清晨的街道上,鍾發白手裡拿着早已發放的書籍和陸宇緩緩前行。
到最後,鍾發白也沒有在深入的走進墓穴,因爲不知什麼時候,鍾發白出現了昏迷,是苗大勇將其背出來。
其實鍾發白也意識到了自己的昏迷。因爲在昏迷中,殷梨再次出現。
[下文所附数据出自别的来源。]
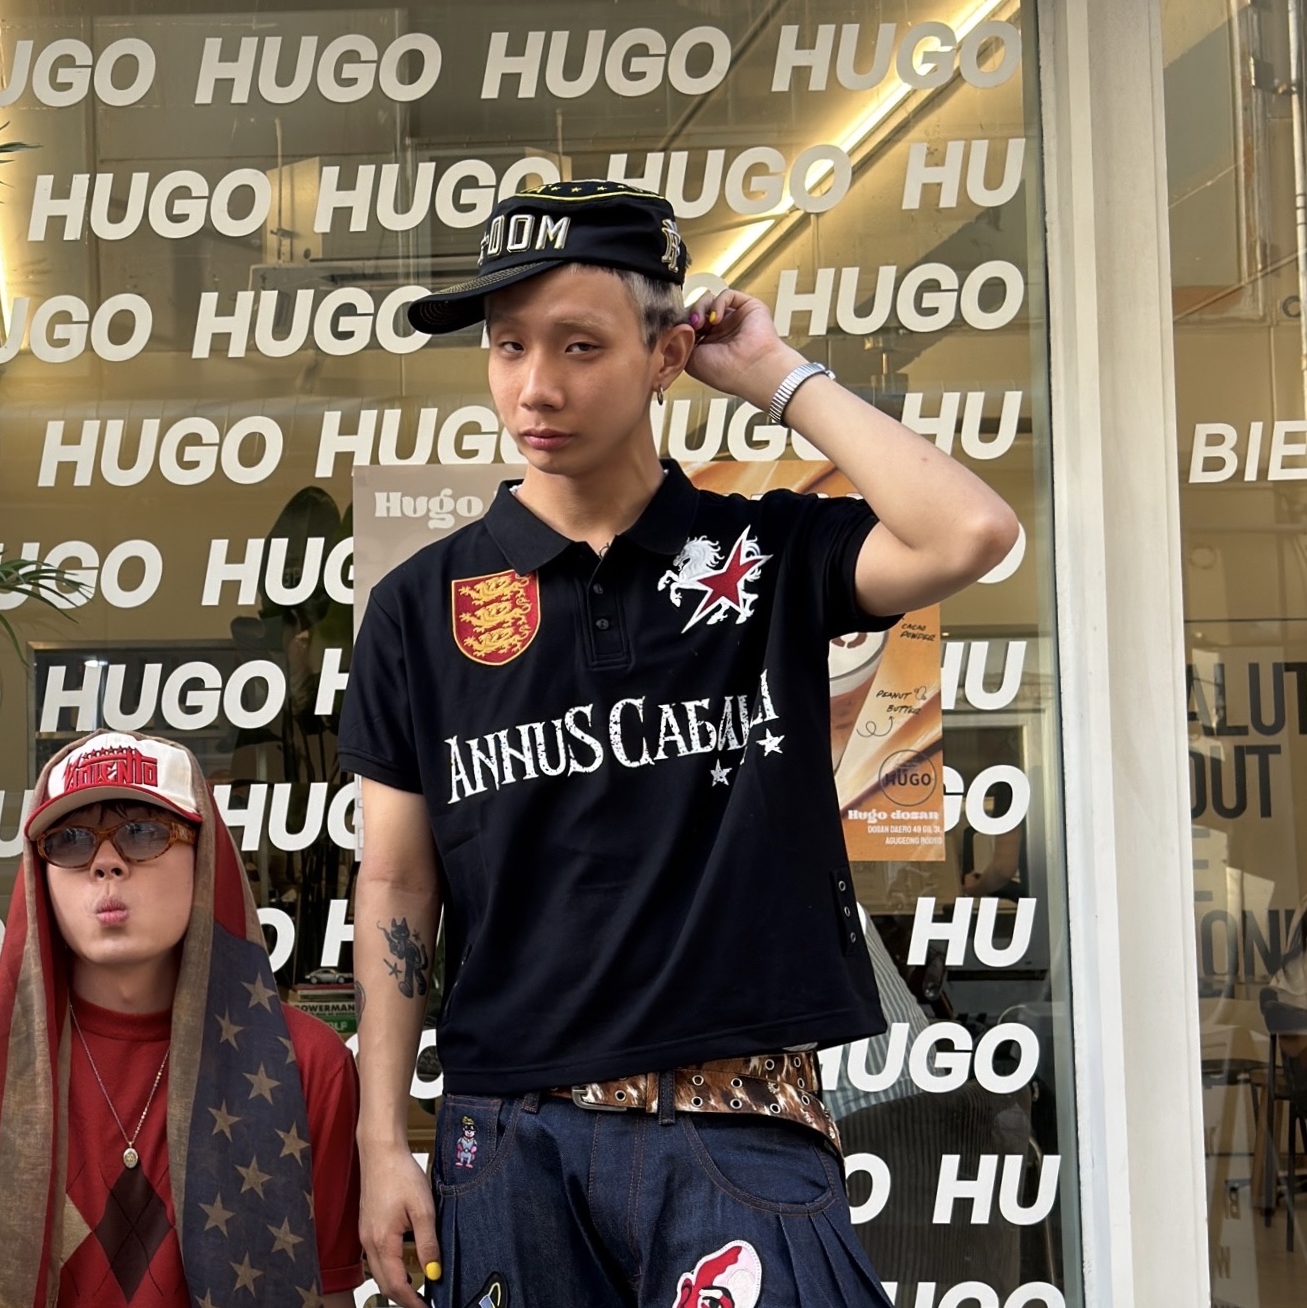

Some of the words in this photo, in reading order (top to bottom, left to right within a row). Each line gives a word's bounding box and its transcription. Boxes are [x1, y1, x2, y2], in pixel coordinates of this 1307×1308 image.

[194, 34, 442, 104] HUGO
[482, 26, 731, 100] HUGO
[771, 20, 1022, 92] HUGO
[27, 169, 272, 242] HUGO
[903, 137, 1026, 210] HU
[192, 286, 433, 358] HUGO
[776, 260, 1024, 337] HUGO
[37, 415, 284, 488] HUGO
[315, 405, 529, 478] HUG
[374, 489, 483, 529] Hugo
[201, 537, 354, 607] HUG
[40, 659, 287, 732] HUGO
[876, 690, 912, 699] PEANUT
[886, 705, 922, 715] BUTTER
[444, 703, 604, 805] ANNUS
[885, 772, 932, 787] HUGO
[214, 782, 360, 852] HUG
[848, 809, 888, 824] Hugo
[891, 810, 939, 820] dosan
[906, 897, 1037, 967] HU
[933, 1154, 1060, 1225] HU
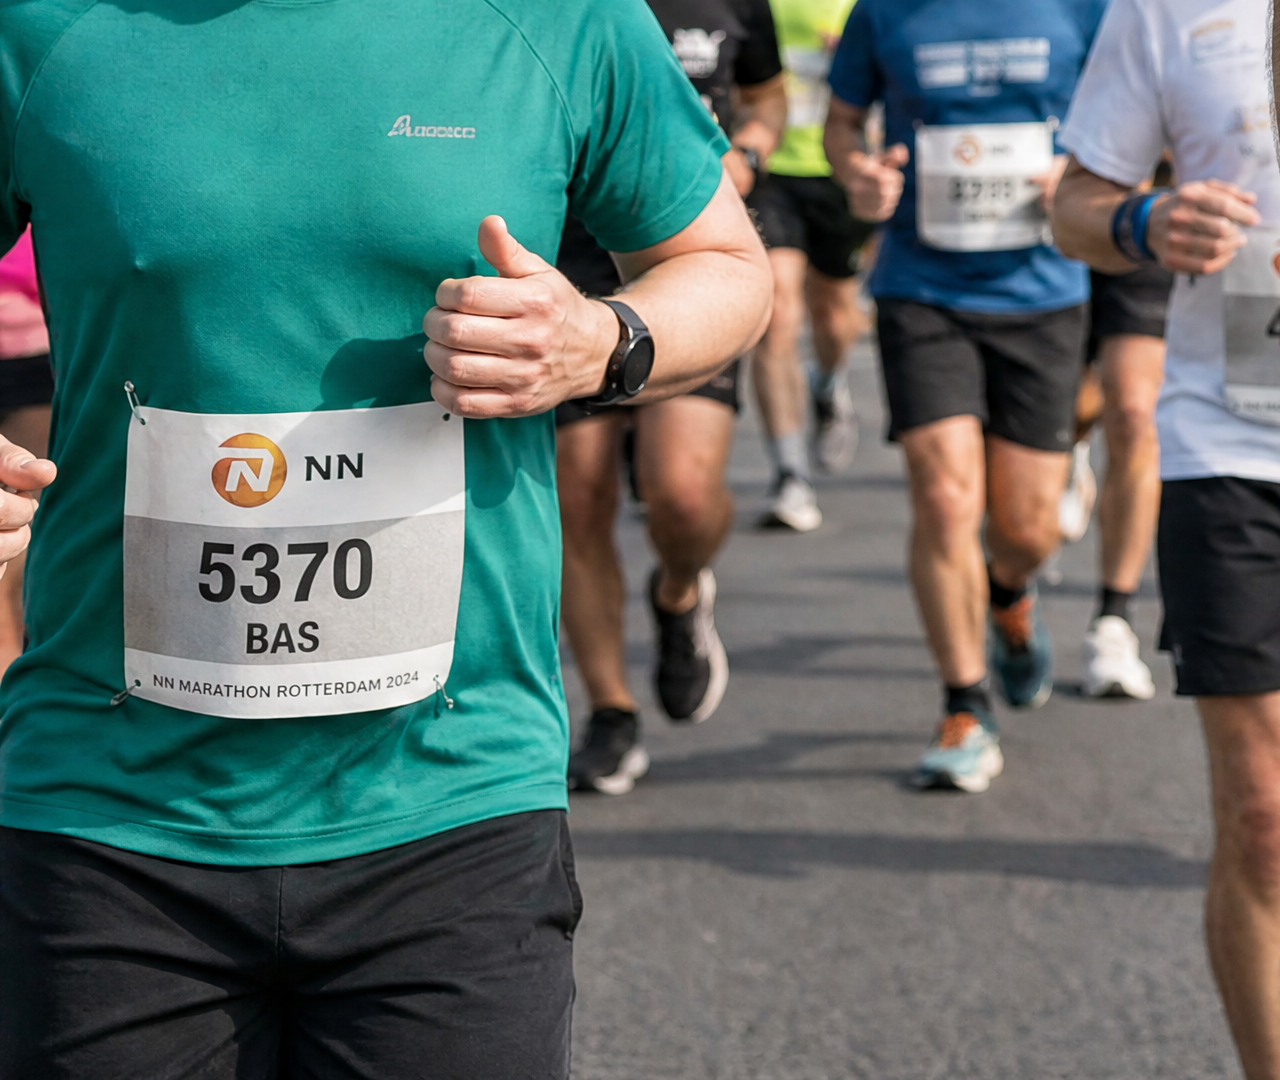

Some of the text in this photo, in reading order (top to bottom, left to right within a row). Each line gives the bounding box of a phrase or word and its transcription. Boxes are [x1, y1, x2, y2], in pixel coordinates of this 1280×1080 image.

[304, 452, 364, 482] NN
[198, 538, 373, 605] 5370
[246, 621, 320, 654] BAS
[153, 670, 420, 699] NN MARATHON ROTTERDAM 2024
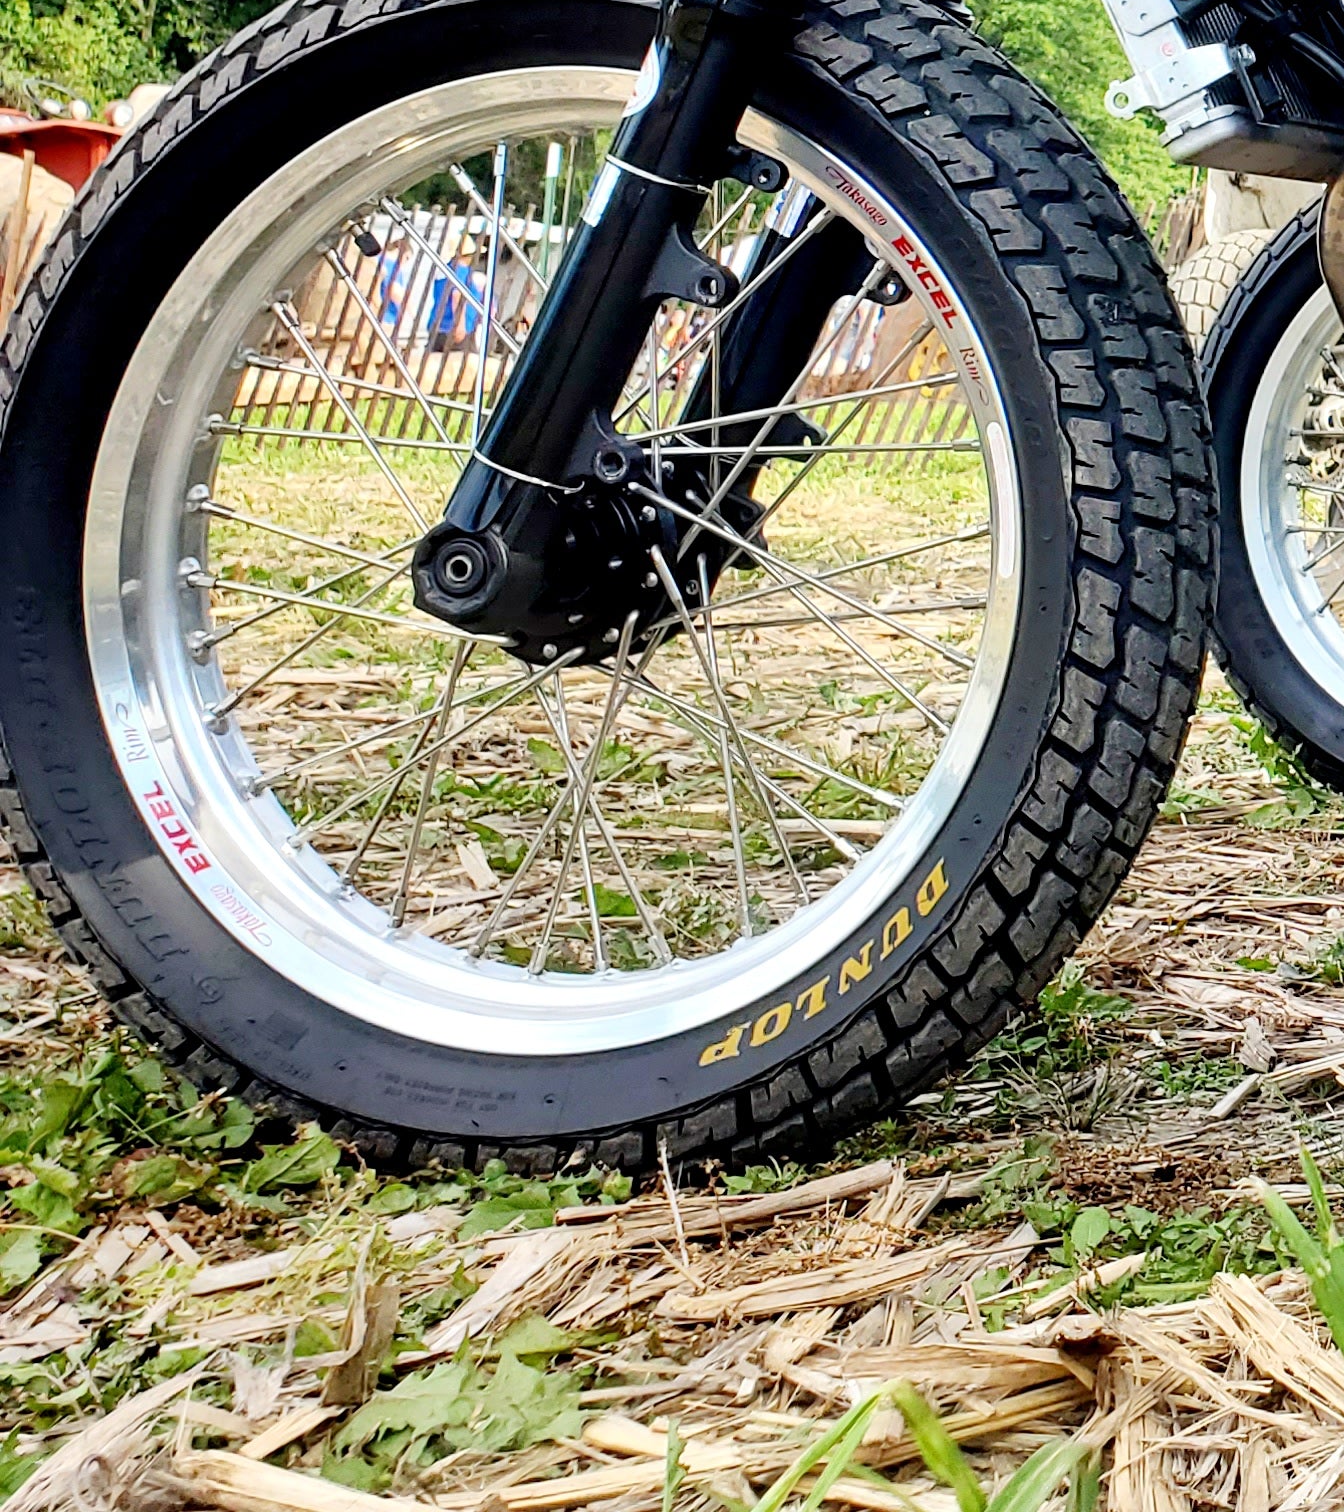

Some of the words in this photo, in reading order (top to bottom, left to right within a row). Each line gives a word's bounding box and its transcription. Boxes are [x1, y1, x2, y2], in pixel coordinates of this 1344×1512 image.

[891, 234, 957, 329] EXCEL
[144, 780, 211, 875] EXCEL
[699, 857, 951, 1068] DUNLOP
目的就是告訴他,之所以昏迷,是因爲除了他自身的疲憊以外,更多的是因爲第一次使用刀氣,和自己的配合還不是很默契,但經過今晚,以後鍾發白的命,就是它殷梨的!只要有它在,自己爲刀俎,邪祟皆魚肉!
一切乍眼看去都好像很順利,但仔細回想一下經過卻讓人發現一切都只是一葉障目的皮毛而已,說到底,到最後鍾發白也沒有得到自己想要的答案。
“還在因爲昨天的事犯愁?”冷琳琳端着一杯豆漿小口呷着,出現在鍾發白身後,順手將手中的早餐遞到兩人面前。
對於一夜沒睡的他們來說,簡單的早餐可以讓他們多少打起點精神。冷琳琳知道他們先去公寓拿了課本,所以根本就沒時間吃東西。
拿出一個包子叼在嘴裡,陸宇用力咀嚼,將剩餘的遞給鍾發白後,含糊不清的望着身後的冷琳琳:“怎麼,怎麼沒買杯粥?”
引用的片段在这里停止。